CATANIA – Una trasfusione di sangue infetto in una struttura sanitaria catanese, la scoperta della malattia, il lungo calvario giudiziario di una famiglia. Sono i capitoli di una storia che si è conclusa da poco con un risarcimento milionario ai familiari di un uomo morto nel 2012. Sia in primo grado che in appello, la giustizia ha stabilito un legame di causa-effetto tra la trasfusione infetta e la morte dell’uomo.
La trasfusione di sangue infetto
La storia inizia nel 1988, quando il signor Carlo (nome di fantasia) si ricovera per un intervento chirurgico in una struttura sanitaria catanese. Nel corso di questo ricovero il personale medico fa al signor Carlo una trasfusione di sangue e plasma.
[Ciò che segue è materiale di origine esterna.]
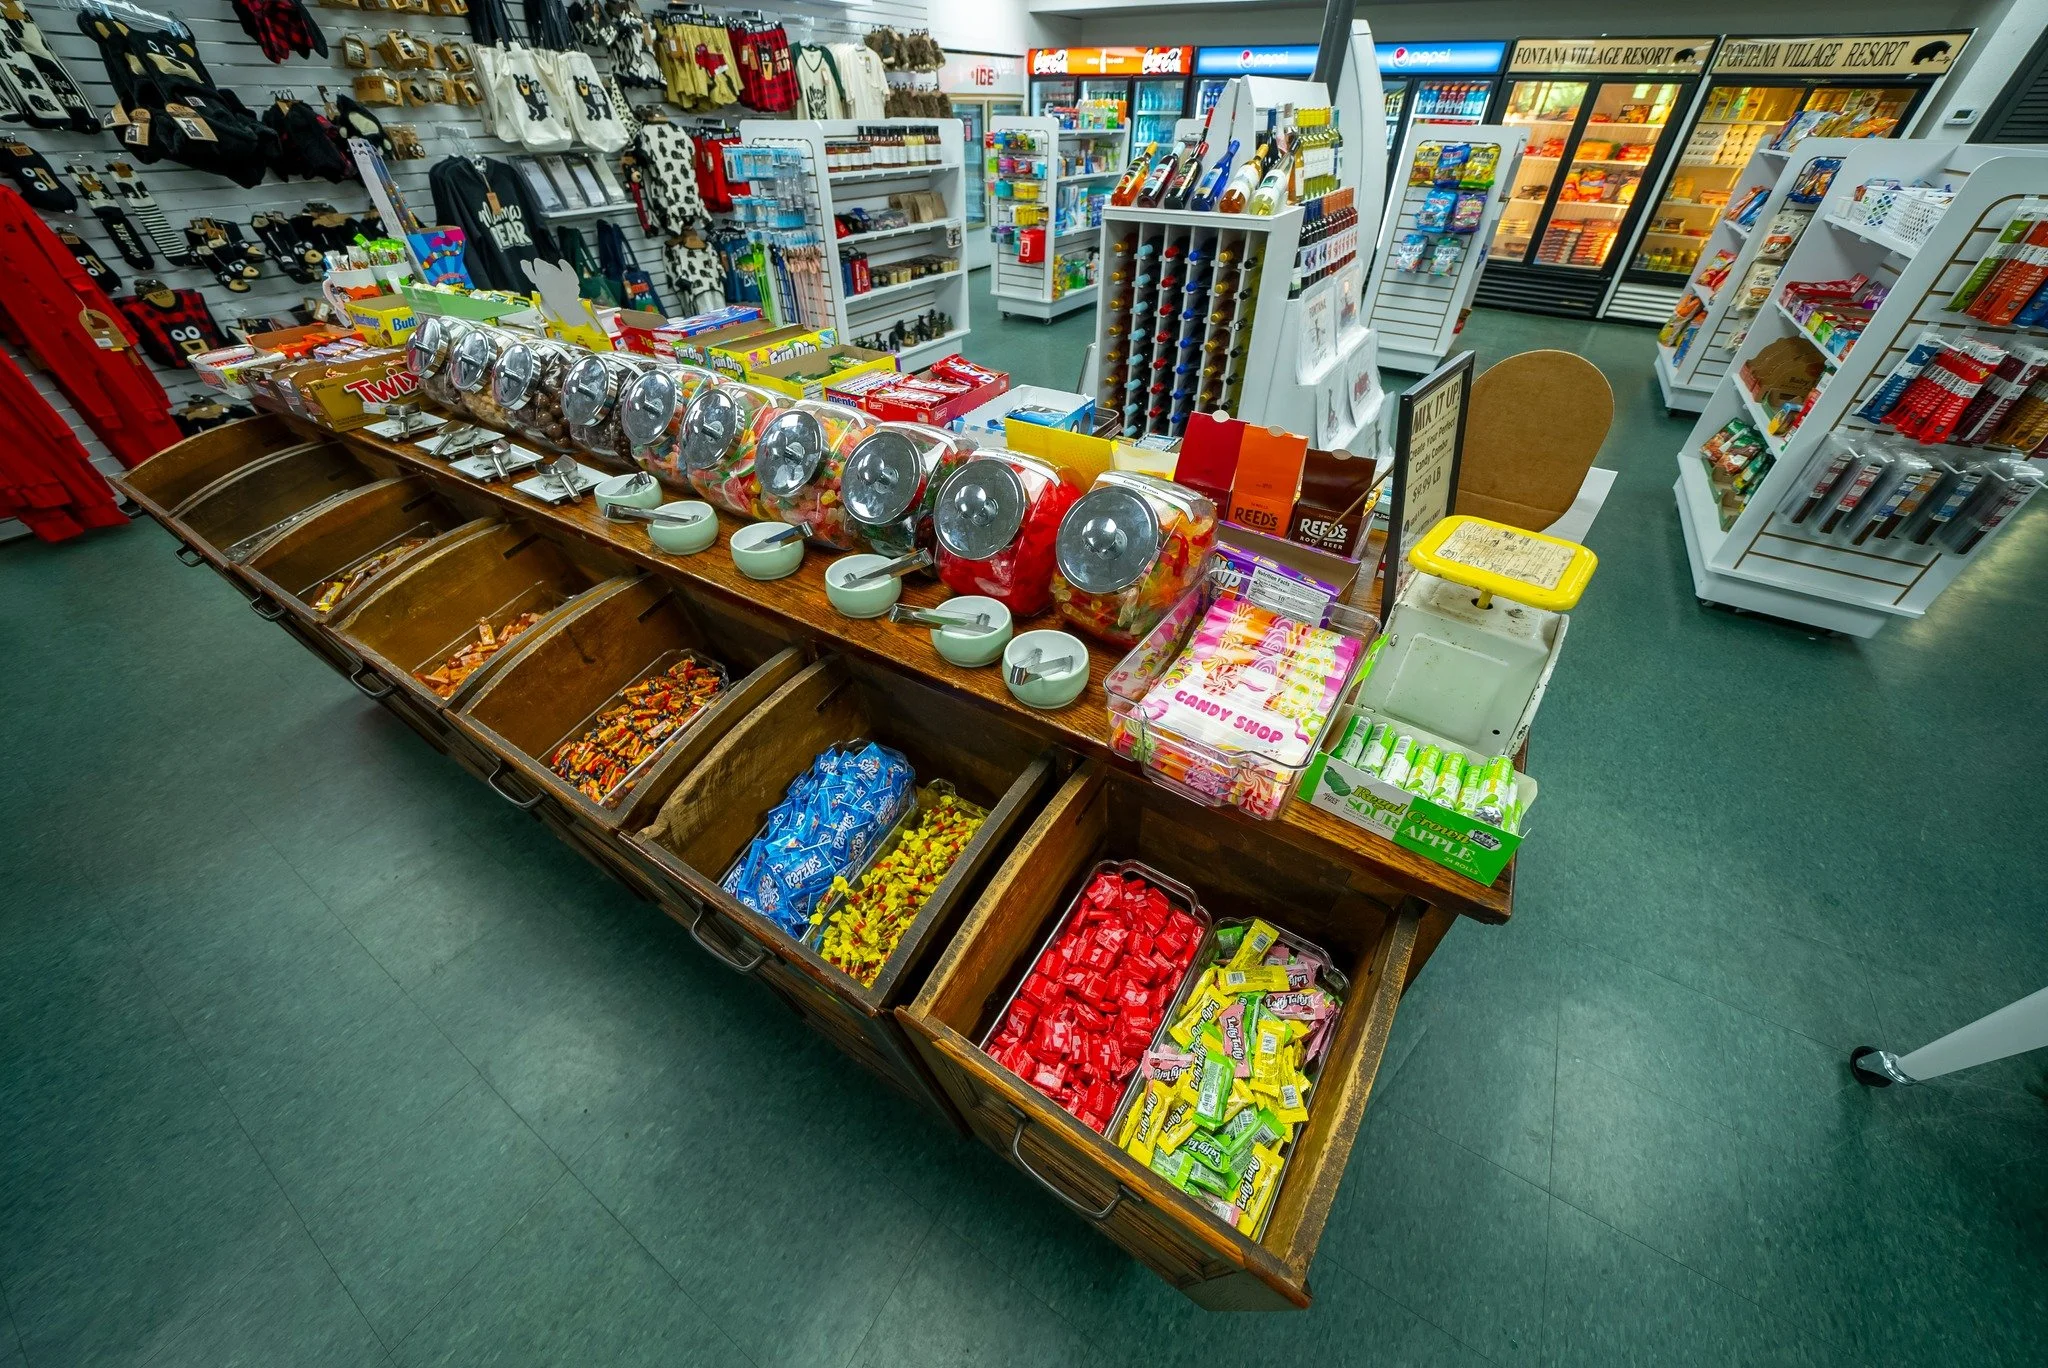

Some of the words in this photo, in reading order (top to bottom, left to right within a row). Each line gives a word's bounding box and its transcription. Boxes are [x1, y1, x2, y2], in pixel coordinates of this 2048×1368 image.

[1254, 51, 1289, 67] pepsi
[1409, 50, 1452, 67] pepsi
[1514, 47, 1567, 65] FONTANA
[1571, 46, 1623, 65] VILLAGE
[1621, 46, 1674, 64] RESORT
[1718, 43, 1781, 67] FONTANA
[1782, 43, 1843, 67] VILLAGE
[1842, 41, 1910, 67] RESORT
[975, 68, 994, 85] ICE
[674, 345, 690, 359] Fun
[688, 348, 704, 365] Dip
[712, 354, 727, 367] Fun
[725, 357, 743, 375] Dip
[769, 346, 795, 365] Fun
[313, 382, 326, 391] 36
[344, 367, 420, 404] Twix
[1412, 404, 1432, 434] MIX
[1435, 391, 1446, 421] IT
[1445, 378, 1462, 409] UP!
[1409, 440, 1426, 463] Create
[1426, 429, 1439, 447] Your
[1438, 417, 1456, 441] Perfect
[1415, 455, 1430, 475] Candy
[1431, 438, 1449, 461] Combo
[1432, 465, 1442, 487] LB
[1234, 507, 1278, 530] REED'S
[1299, 518, 1348, 543] REED'S
[1323, 541, 1344, 551] BEER
[1257, 569, 1279, 584] Nutrition
[1278, 577, 1291, 587] Facts
[1174, 690, 1234, 722] CANDY
[1233, 715, 1284, 744] SHOP
[1350, 785, 1409, 816] Regal
[1406, 809, 1473, 845] Crown
[1346, 797, 1401, 831] SOUR
[1402, 825, 1477, 863] APPLE
[785, 855, 822, 889] Razzles
[1443, 855, 1454, 865] 24
[1453, 858, 1480, 876] ROLLS
[1201, 1000, 1220, 1022] Laffy
[1265, 993, 1288, 1010] Laffy
[1286, 993, 1314, 1008] Taffy
[1226, 1016, 1239, 1038] Laffy
[1231, 1036, 1244, 1060] Taffy
[1190, 1065, 1203, 1092] Laffy
[1137, 1116, 1151, 1143] Laffy
[1144, 1091, 1159, 1119] Taffy
[1163, 1109, 1182, 1133] Laffy
[1199, 1141, 1222, 1168] Laffy
[1244, 1156, 1261, 1184] Taffy
[1236, 1180, 1254, 1211] Laffy
Avanti di nove anni. Nel 1997 l’uomo fa degli esami del sangue di routine e scopre di avere contratto l’epatite C. Una patologia che ci mette molto tempo a manifestarsi, e per questo né il signor Carlo né i suoi familiari collegano la positività al virus epatico alla trasfusione di sangue del 1998. L’epatite provoca una cirrosi epatica e poi un tumore, di cui il signor Carlo muore nel 2012.
La battaglia legale e il risarcimento
Due anni dopo il lutto, vedova e i figli del signor Carlo promuovono giudizio di fronte al tribunale di Catania, assistiti dallo studio legale Frisiani di Firenze. Il primo grado dura otto anni: nel 2022 la corte riconosce la responsabilità del ministero della Salute per omessa attività normativa e carenza di vigilanza, condannandolo a risarcire i familiari. Nel corso del dibattimento il consulente tecnico del tribunale accoglie la tesi sostenuta dai familiari e dallo staff medico-legale che li assiste secondo cui plasma e sangue trasfusi erano stati il veicolo dell’infezione, poi diventata letale.
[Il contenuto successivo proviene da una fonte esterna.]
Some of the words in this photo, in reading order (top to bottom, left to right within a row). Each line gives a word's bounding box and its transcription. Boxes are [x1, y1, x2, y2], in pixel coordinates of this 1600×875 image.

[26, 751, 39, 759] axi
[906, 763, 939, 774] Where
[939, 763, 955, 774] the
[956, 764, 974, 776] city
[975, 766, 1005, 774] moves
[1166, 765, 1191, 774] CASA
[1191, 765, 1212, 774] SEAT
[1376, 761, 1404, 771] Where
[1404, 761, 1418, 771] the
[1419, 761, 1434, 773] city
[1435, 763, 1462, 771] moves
Un anno dopo la corte d’appello di Catania conferma il giudizio di primo grado, dando il via al processo di risarcimento. Proprio in questi giorni la famiglia ha ricevuto, tramite i propri legali, gli assegni per un totale di un milione e duecentomila euro.
Il commento dei legali
A dare notizia della vicenda è lo stesso studio legale dell’avvocato Pietro Frisiani, che in una nota scrive: “Quella del risarcimento è una cifra importante e non comune per gli importi riconosciuti in questi casi agli eredi superstiti, che indennizza la tragedia di una famiglia che ha perso ingiustamente il proprio caro”.
Commenta Elisa Ferrarello, membro dello staff dello studio Frisiani: “Sarebbe interessante se vi fosse un’informazione a favore dei fruitori dei servizi sanitari, come quello previsto per i consumatori in generale, dato che non avere informazioni comporta il perdere un diritto. Spesso le persone non sanno che hanno diritto a un risarcimento e sono abbandonate all’iniziativa individuale. Spesso scrivono al nostro studio parenti di vittime dell’amianto, ma ci scrivono troppo tardi per potere fare qualcosa, quando i casi sono già in prescrizione. Dovrebbe esserci un soggetto terzo, imparziale, che fornisca le informazioni sui diritti di chi fruisce servizi sanitari”.